Wednesday, May 4, 2022

The Story of the Expressive Individual Self

Strange New World cover
How did we come to a place where the sentence “I am a woman trapped in a man’s body” is considered to be sensible by a large part of the population?

Carl Trueman answers that question in his latest book Strange New World: How Thinkers and Activists Redefined Identity and Sparked the Sexual Revolution (of which I received a free review copy). We all know about the sexual revolution, and we all know what’s going on now is related to it. What Trueman reveals, however, is that the pattern of thought that became the sexual revolution began 400 years ago. “I am a woman trapped in a man’s body” is a direct descendent of “I think; therefore, I am.”

You may have heard of his earlier work The Rise and Triumph of the Modern Self. It was a bit daunting at 432 pages. This book, a mere 208 pages, is not a precise summary of the larger work but “covers the same ground in a briefer and (hopefully) more accessible format.” In it he takes us through the history of the modern era, showing how Descartes, Nietzche, and Freud, and also the Modernists, the Romantics, and the Socialists — among others — all slowly created what we can now call the expressive individual self. As Ryan Anderson put it in the forward, Trueman tells us “how the person became a self, the self became sexualized, and sex became politicized.” He then offers some suggestions for the way forward — something that he felt was lacking in the earlier tome.

However, he fails to make one suggestion that I believe is critical.

In his essay “On The Reading of Old Books” CS Lewis wrote, “Nothing strikes me more when I read the controversies of past ages than the fact that both sides were usually assuming without question a good deal which we should now absolutely deny. They thought that they were as completely opposed as two sides could be, but in fact they were all the time secretly united—united with each other and against earlier and later ages—by a great mass of common assumptions.” Most of the time these assumptions are invisible to people during that age. We have a unique opportunity thanks to the insight of Trueman and a few others — we can see one of those common assumptions and deal with it directly for once. As this book shows, we all have grown up assuming most of the ideas required for “I am a woman trapped in a man’s body.”
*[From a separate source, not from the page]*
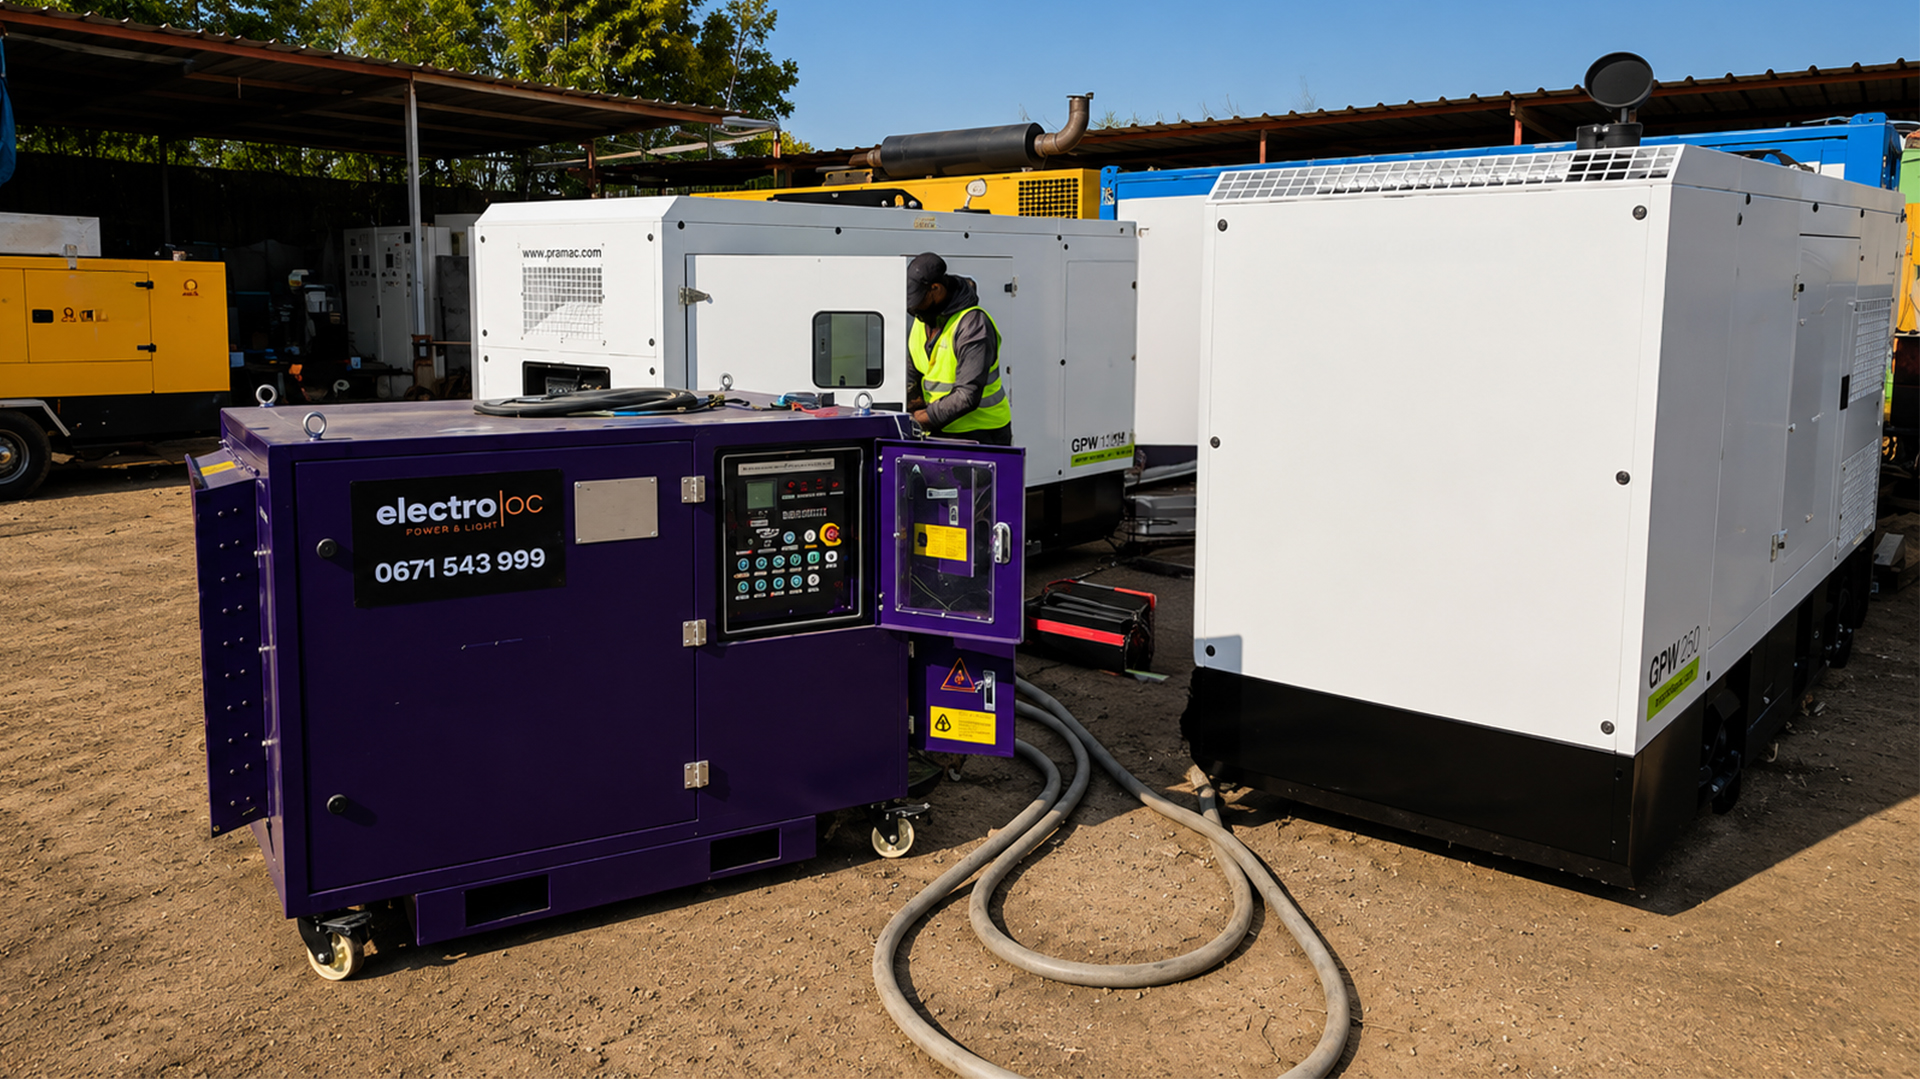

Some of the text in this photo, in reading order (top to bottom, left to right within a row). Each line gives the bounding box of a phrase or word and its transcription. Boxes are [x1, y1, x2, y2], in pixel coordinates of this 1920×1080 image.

If expressive individualism is truly at the heart of the problem, we need to face it aggressively. We teach this philosophy in our fairy tales, our classrooms, and our homes. It is in the air we breathe. As Trueman points out, expressive individualism is not all bad. Unfortunately our society has placed so much weight on it that it now rules all other concerns. The church needs to drag this into the light. We need to speak to our children about it. We should treat it the same way we do drugs and “adult content” in our entertainment choices: It would be impossible to remove it from viewing habits entirely without giving up all television and movies, but we can recognize it and discuss it with our children whenever it is detected. It took our society 400 years to get to this point; it’s not going to end overnight. But perhaps we can stop it from infecting our children the way it infects those of our neighbors.

If we fail to do this, we will continue to spend an hour or two a week trying to instill a morality in our children that is increasingly foreign to their worldview. By grabbing this bull by the horns, we may be able to raise them to be aware of the enemy’s schemes and maintain their faith.

This book is not going to appeal to everyone, but it’s an important work that needs to be widely read. So who should read it? Pastors and youth pastors, parents and teachers, writers and artists and filmmakers, and anyone who is struggling to understand how our culture has come to this place and how to navigate it. Wait, isn’t that pretty much everyone? Yes. Yes it is.